Die Relevanz von Bildungspolitik als maßgebliche, aber nicht einzige Säule der Sozialpolitik thematisierte Jutta Allmendinger, Präsidentin des Wissenschaftszentrums für Sozialforschung Berlin. Es sei schon lange bekannt, dass inklusive Modelle, wie ein einteiliges Schulsystem, am besten seien, um Ursachen von Benachteiligung und Armut entgegenzuwirken. Nun müssten diese Modelle endlich eine breite Umsetzung bekommen, so Allmendinger. Sie kritisierte die Exzellenzförderung und Bildung von privaten Schulen als falsche Lenkung des Bildungssystems. Stattdessen müsste man Schulen an Brennpunkten unterstützen und die Möglichkeit schaffen, auf die Vielfältigkeit der Schülerinnen und Schüler eingehen zu können.

Mit dem Antrag des Bundesvorstands wurde ein umfassendes Konzept zur Armutsbekämpfung in allen Gesellschaftsgruppen von einer überwältigenden Mehrheit der Delegierten verabschiedet. Eine Altersvorsorge, die auch dann eine angemessene Grundsicherung ist, wenn die Erwerbsbiografie nicht der Norm des männlichen jahrzehntelangen Vollbeschäftigten entspricht.

Rückhalt für die Benachteiligten

Vor allem aber fordert der Beschluss einen Rückhalt für diejenigen, die auch schon vorher benachteiligt werden. Ein besonderer Fokus liegt hierbei auf einer eigenständigen Existenzsicherung für Frauen, die nicht ohne einen Abschied von Minijobs und der überfälligen Bereitstellung von Kitaplätzen funktionieren wird.

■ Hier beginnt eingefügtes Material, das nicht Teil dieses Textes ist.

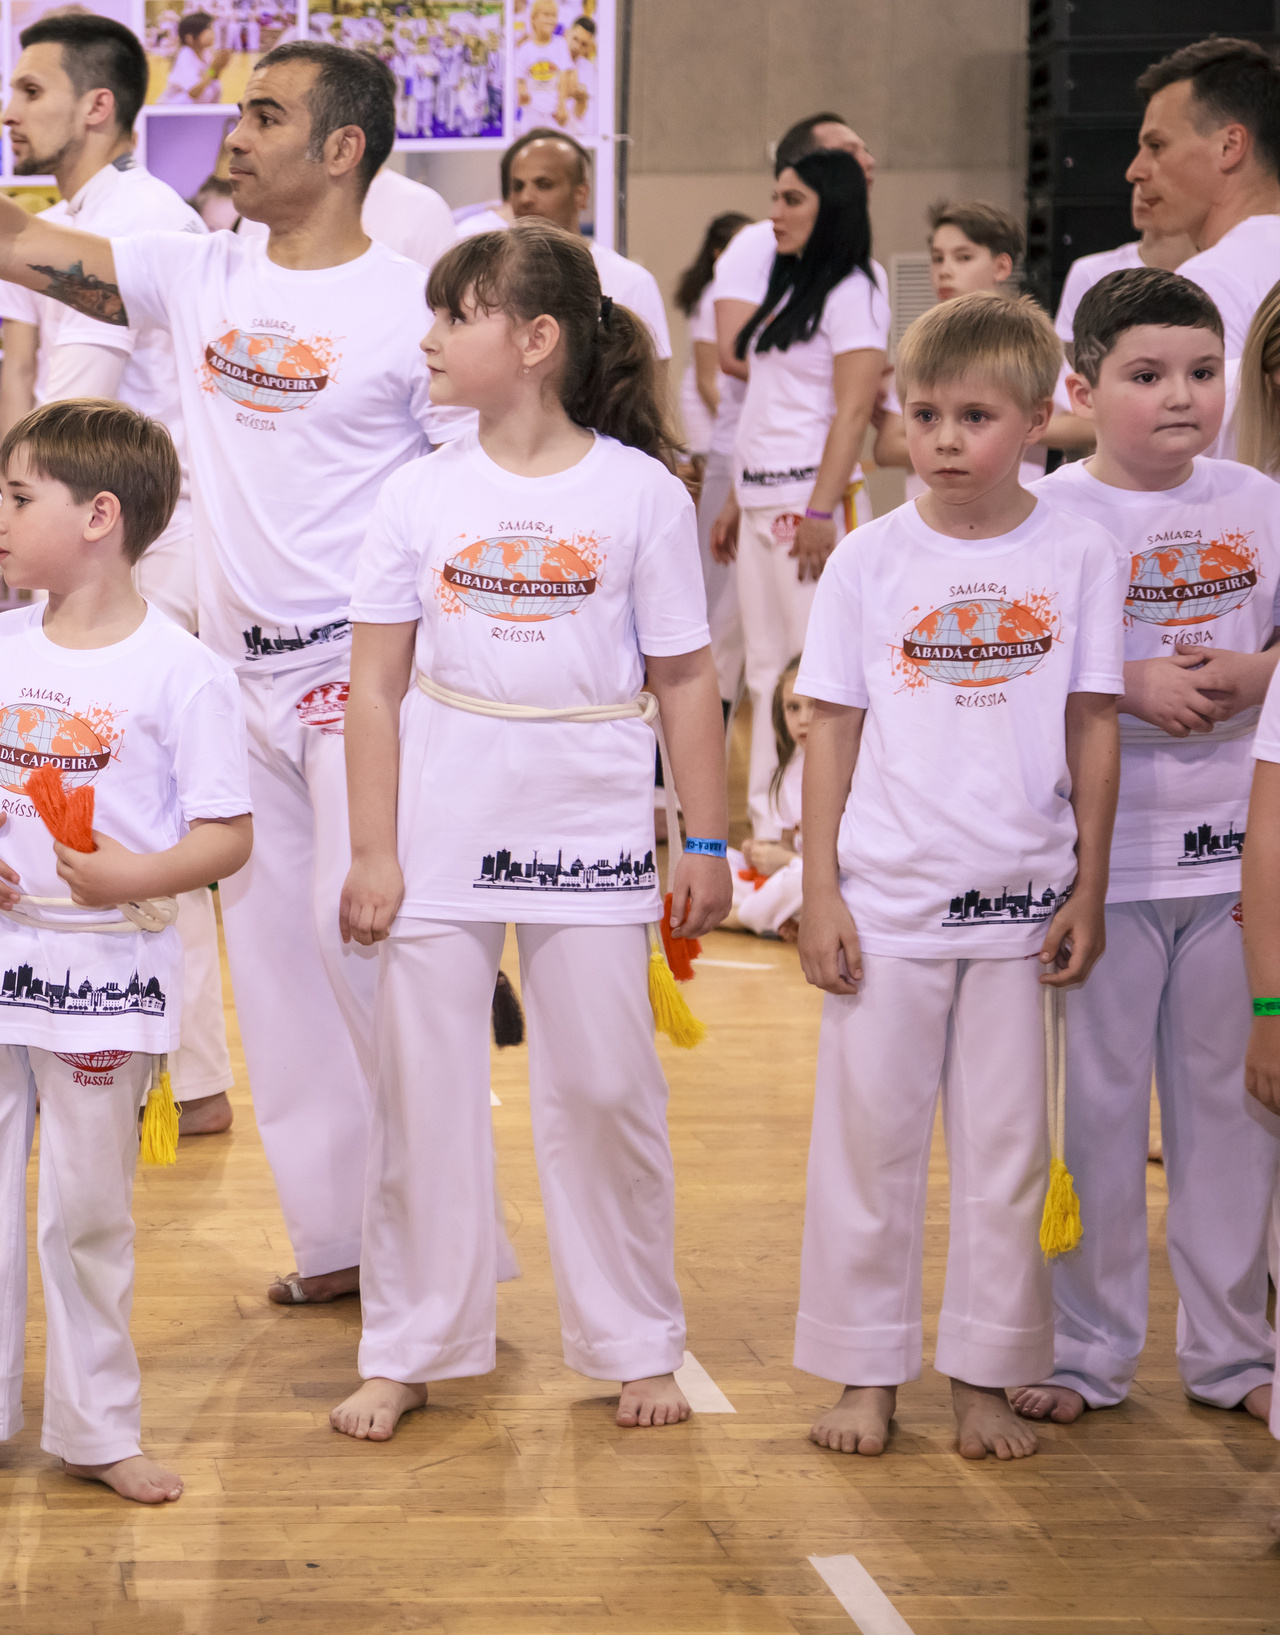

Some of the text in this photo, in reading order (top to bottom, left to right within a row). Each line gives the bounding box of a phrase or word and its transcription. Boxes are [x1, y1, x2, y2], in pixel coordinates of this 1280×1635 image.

[250, 319, 296, 333] SAMARA
[208, 355, 318, 390] ABADÁ-CAPOEIRA
[235, 412, 276, 431] RÚSSIA
[498, 520, 553, 534] SAMARA
[1147, 529, 1203, 545] SAMARA
[450, 572, 587, 594] ABADÁ-CAPOEIRA
[949, 582, 1007, 597] SAMARA
[1128, 575, 1252, 600] BADÁ-CAPOEIRA
[491, 625, 545, 643] RÚSSIA
[1161, 628, 1214, 646] RÚSSIA
[911, 641, 1044, 659] ABADÁ-CAPOEIRA
[19, 687, 71, 706] SAMARA
[955, 690, 1007, 708] RÚSSIA
[1, 798, 42, 817] RÚSSI
[72, 1070, 115, 1087] Russia
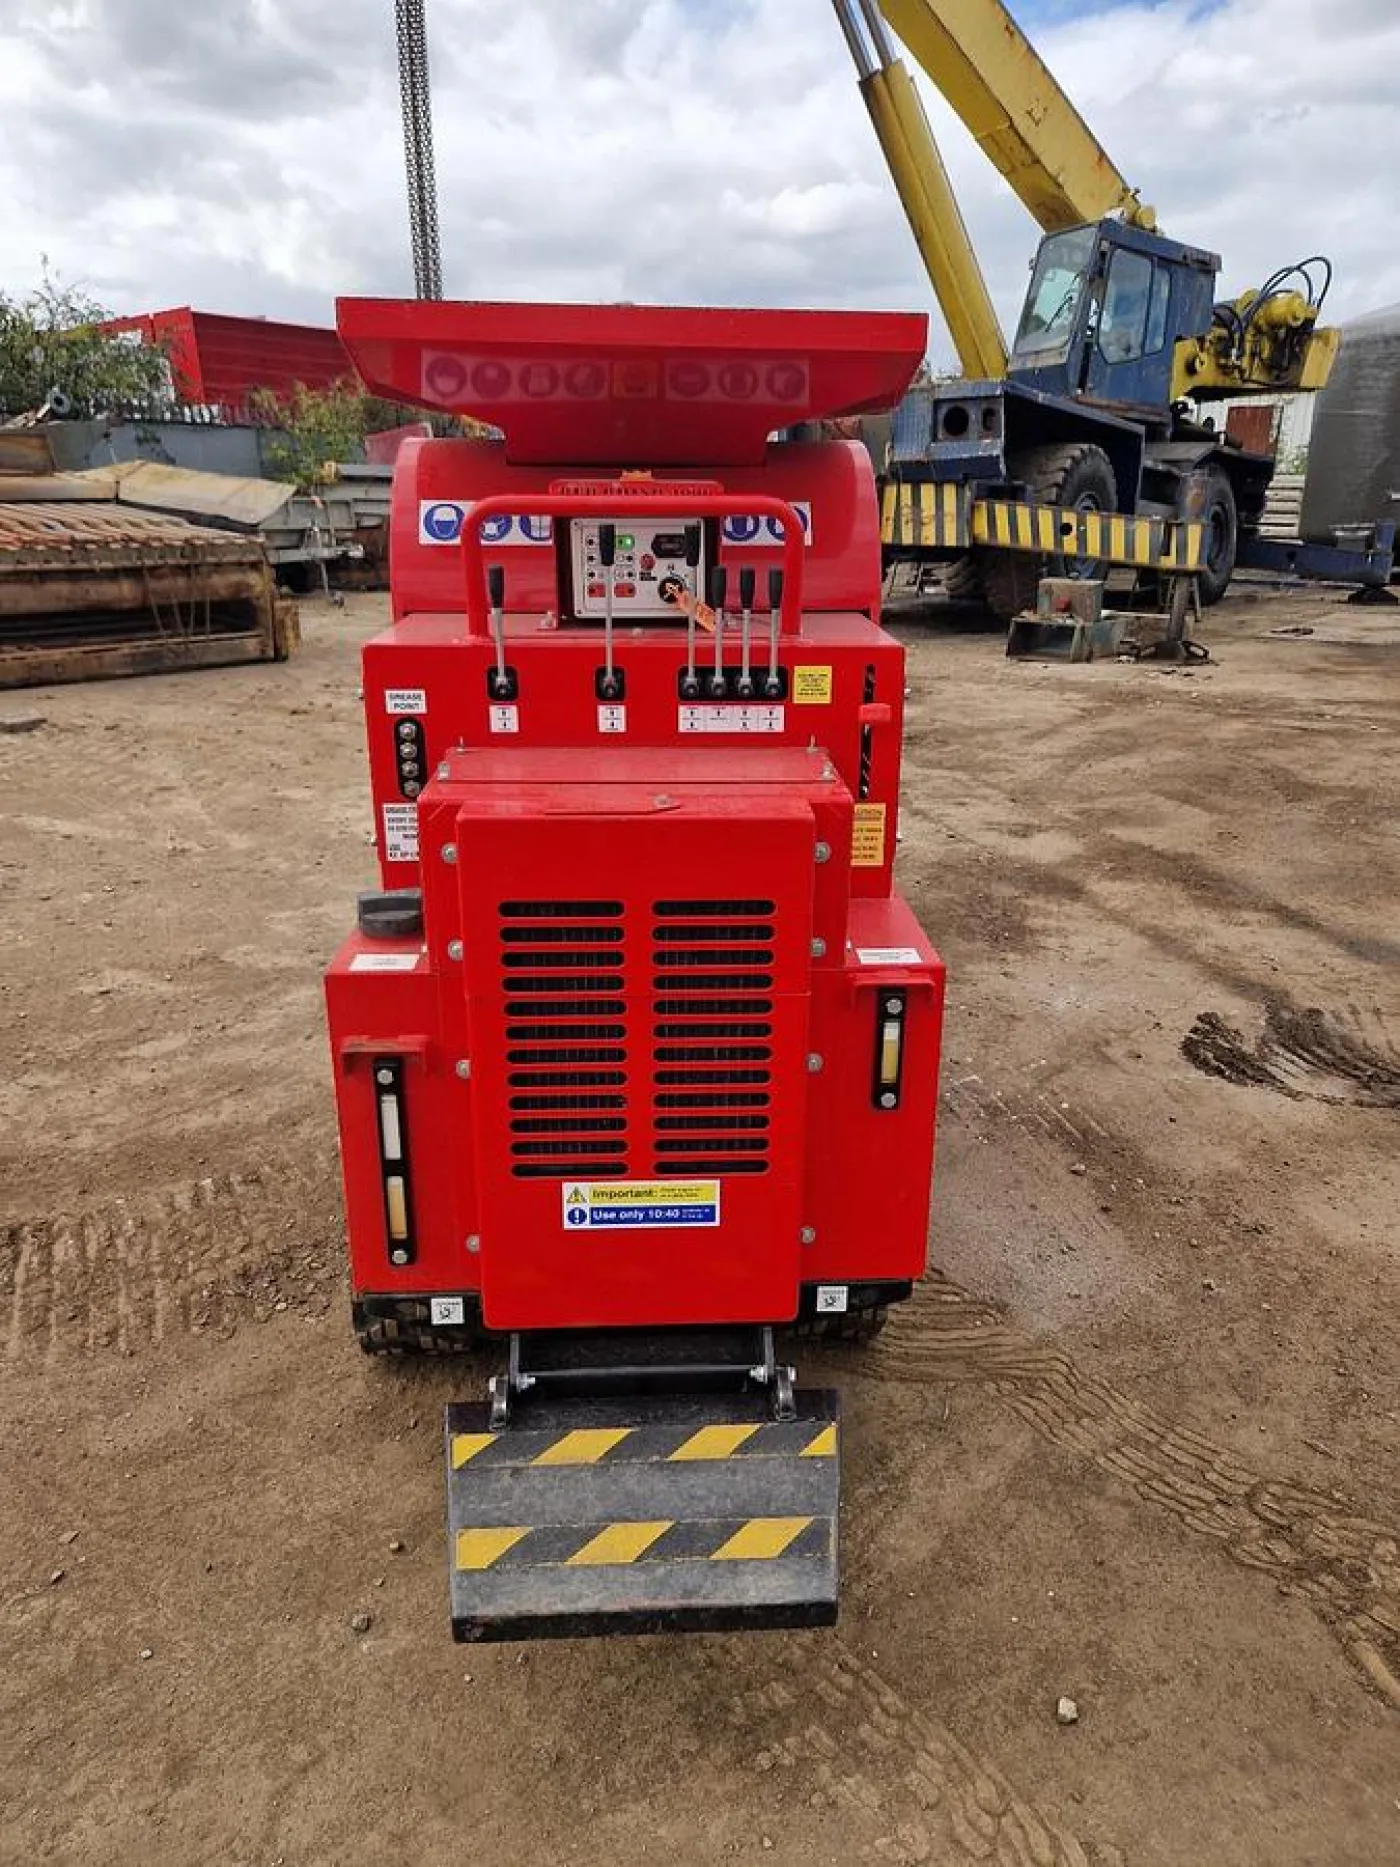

Ebenso soll Menschen mit Beeinträchtigungen ein selbstbestimmtes Leben ermöglicht werden.

Als Sofortziele des Antrages nannte Astrid Rothe-Beinlich auch ein Ende der aktuellen Situation von Asylbewerberinnen und Asylbewerbern. „Da steht nicht mehr und nicht weniger als auch die Abschaffung des diskriminierenden Asylbewerberleistungsgesetzgebung drin“, sagte die Frauenpolitische Sprecherin der Grünen. Denn die Würde des Menschen sei unantastbar und der Wert einer Gesellschaft müsse immer am Umgang mit den Schwächsten bemessen werden.

Bundesvorstands- und Parteiratswahlen

Nach der Sozialpolitischen Debatte waren die Delegierten aufgerufen, ihre Parteiführung neu zu wählen. Der Bundesvorstand mit Claudia Roth, Cem Özdemir, Steffi Lemke, Benedikt Mayer, Astrid Rothe-Beinlich und Malte Spitz wurde komplett bestätigt.

Im neuen Parteirat sind jetzt: Bärbel Höhn, Katrin Göring-Eckardt, Annalena Baerbock, Gesine Agena, Renate Künast, Theresa Schopper, Rebecca Harms, Jürgen Trittin, Volker Beck, Gerhard Schick, Johannes Remmel, Tarek Al-Wazir und Rasmus Andresen. Weitere Informationen findet ihr in unserem Artikel über die Wahlen.

V-Anträge

Von den ausgewählten Verschiedenes-Anträgen wurden unter anderem eine Angabe von CO2-Emissionen bei allen Fernverkehsmitteln, die Einführung einer Kennzeichnungspflicht bei Verwendung von tierischen Bestandteilen und tierischen Produkten in Lebensmitteln, die Bekämpfung von Folter, eine Ablehnung von bewaffneten Drohnen bei der Bundeswehr sowie ein Verfahren für den Antrag zum Thema Beschneidung beschlossen. Der Antrag zum Thema Beschneidung wird an die auf der Freiburger BDK 2010 gebildete Kommission zum Religionsverfassungsrecht verwiesen.